Behavioral characteristics of autism, including irritability, social impairment, communication deficits and attention hyperactivity disorder, also occur in patients with mild forms of Smith-Lemli-Opitz syndrome (SLOS). This inherited disorder is caused by lack of an enzyme that converts 7-dehydrocholesterol (7-DHC) into cholesterol. When 7-DHC builds up after failing to convert to cholesterol, the build-up can be toxic. The drug simvastin impairs 7-DHC from being synthesized in the first place. It also may increase levels of the enzyme that can convert into cholesterol any 7-DHC that is produced. Can this drug, then, improve autism-like symptoms in patients with the mild form of SLOS? Can it provide clues to a potential role of cholesterol in autism spectrum disorders?
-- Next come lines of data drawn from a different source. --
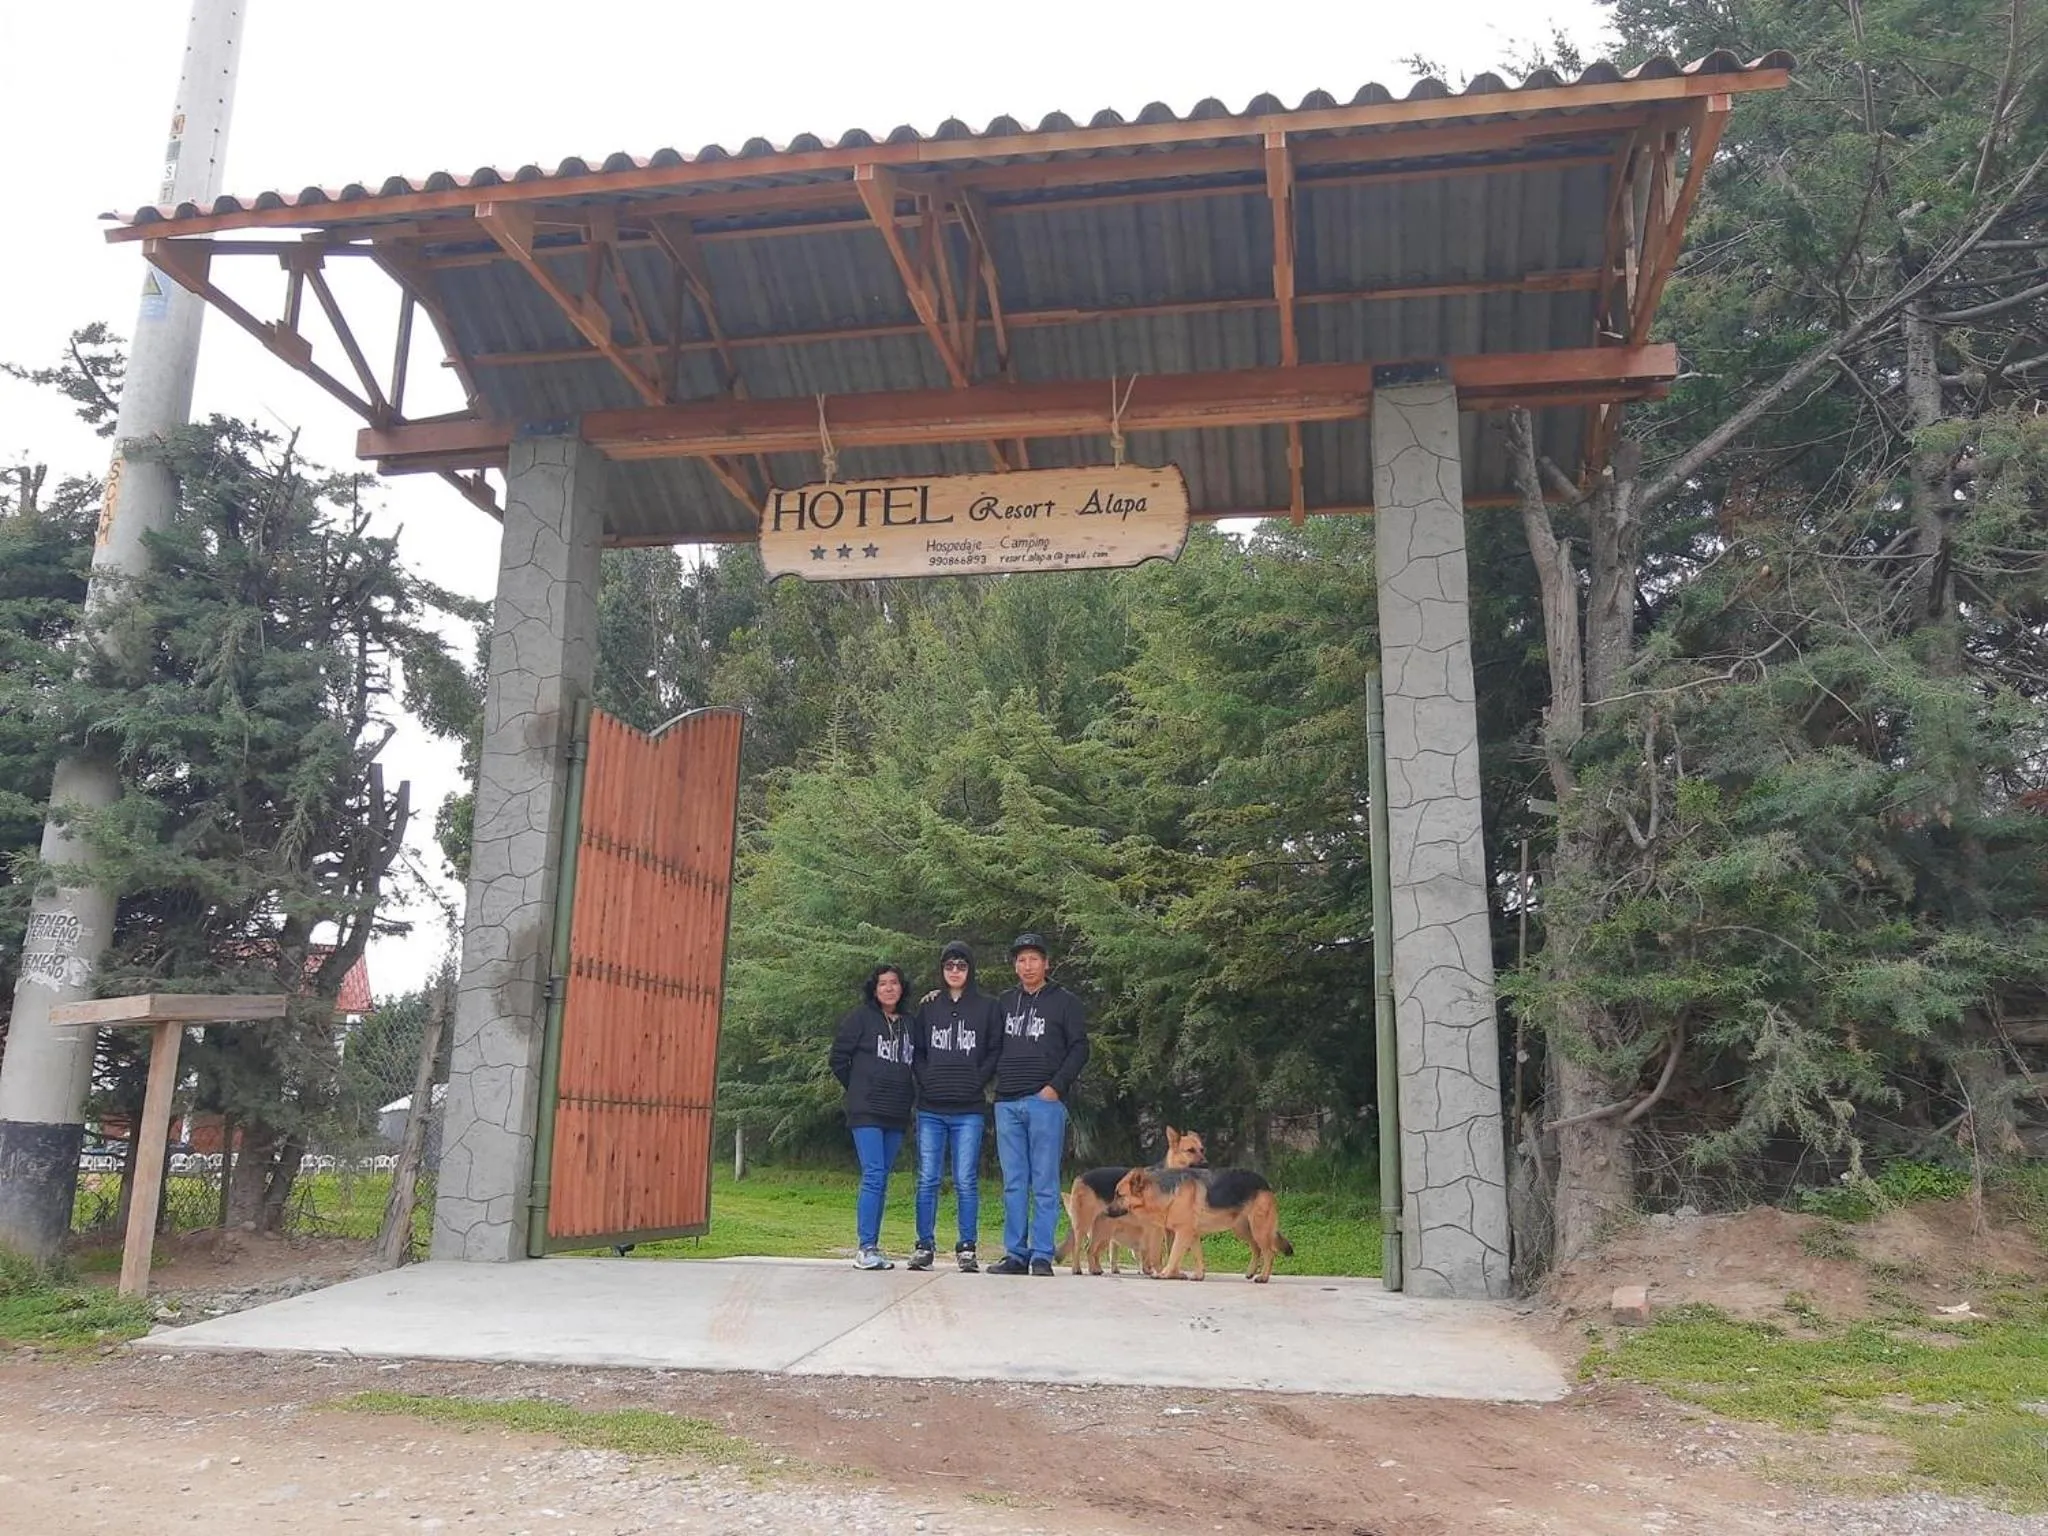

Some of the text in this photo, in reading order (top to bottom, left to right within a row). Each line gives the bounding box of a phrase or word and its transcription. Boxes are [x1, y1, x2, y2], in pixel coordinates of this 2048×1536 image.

[772, 485, 1148, 531] HOTEL Resort Alapa
[926, 535, 1050, 554] Hospedaje Camping
[31, 914, 78, 927] VENDO
[878, 1035, 899, 1062] Resort
[931, 1019, 976, 1056] Resort Alapa
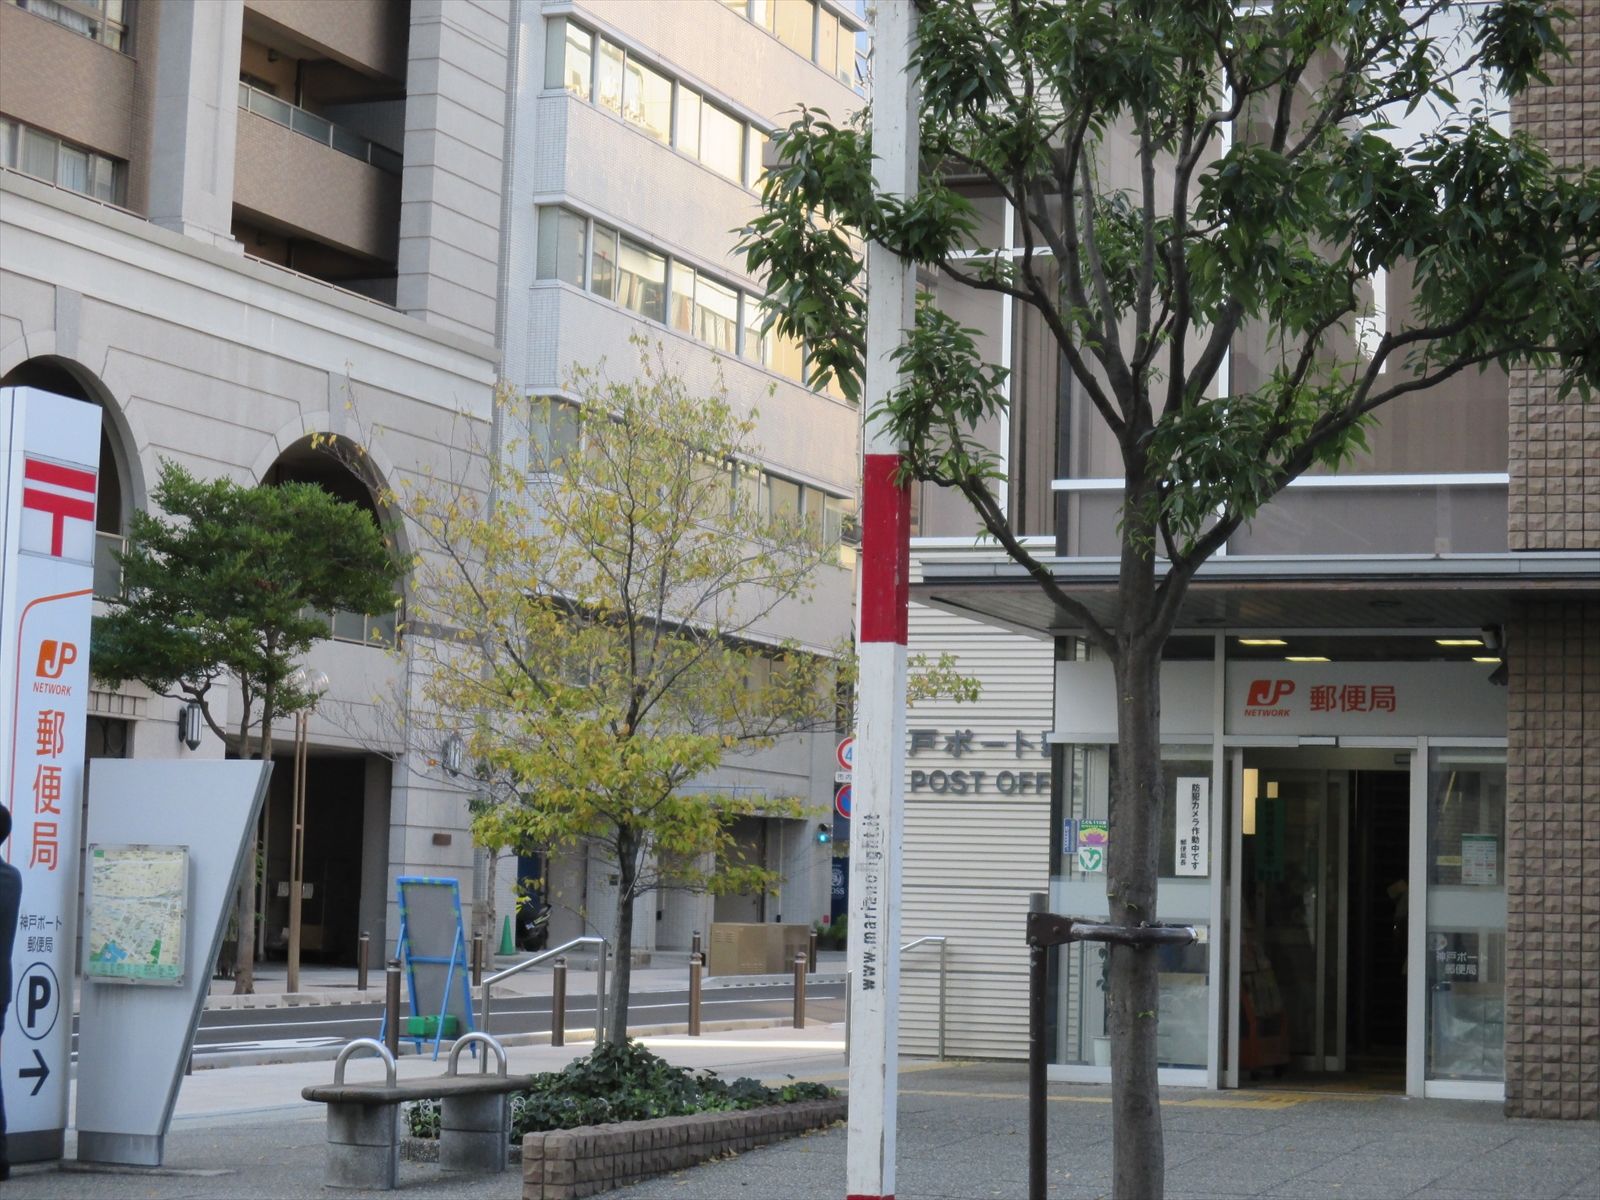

One investigator's expertise in studying SLOS will be combined with the other investigator's expertise in conducting controlled clinical trials of simvastin. They will test the drug's efficacy in reducing autism-like behavioral symptoms, when given in conjunction with dietary cholesterol supplement, in 20 patients with mild SLOS who are between the ages of 4 and 18. They also will study whether simvastin, which can cross the blood-brain-barrier and enter the brain, increases cholesterol levels in the brain in a mouse model of SLOS, and in the human study participants. They hypothesize that symptomatic improvement will occur in response to increased levels of cholesterol in the brain, and that increased cholesterol will be associated with more normalized functioning of brain cells and neurotransmitters. Significance: The study will provide evidence of whether simvastin effectively reduces autism-like behavioral symptoms, as a potential treatment for children with autism spectrum disorders. The research also may reveal a potential role of cholesterol in these disorders.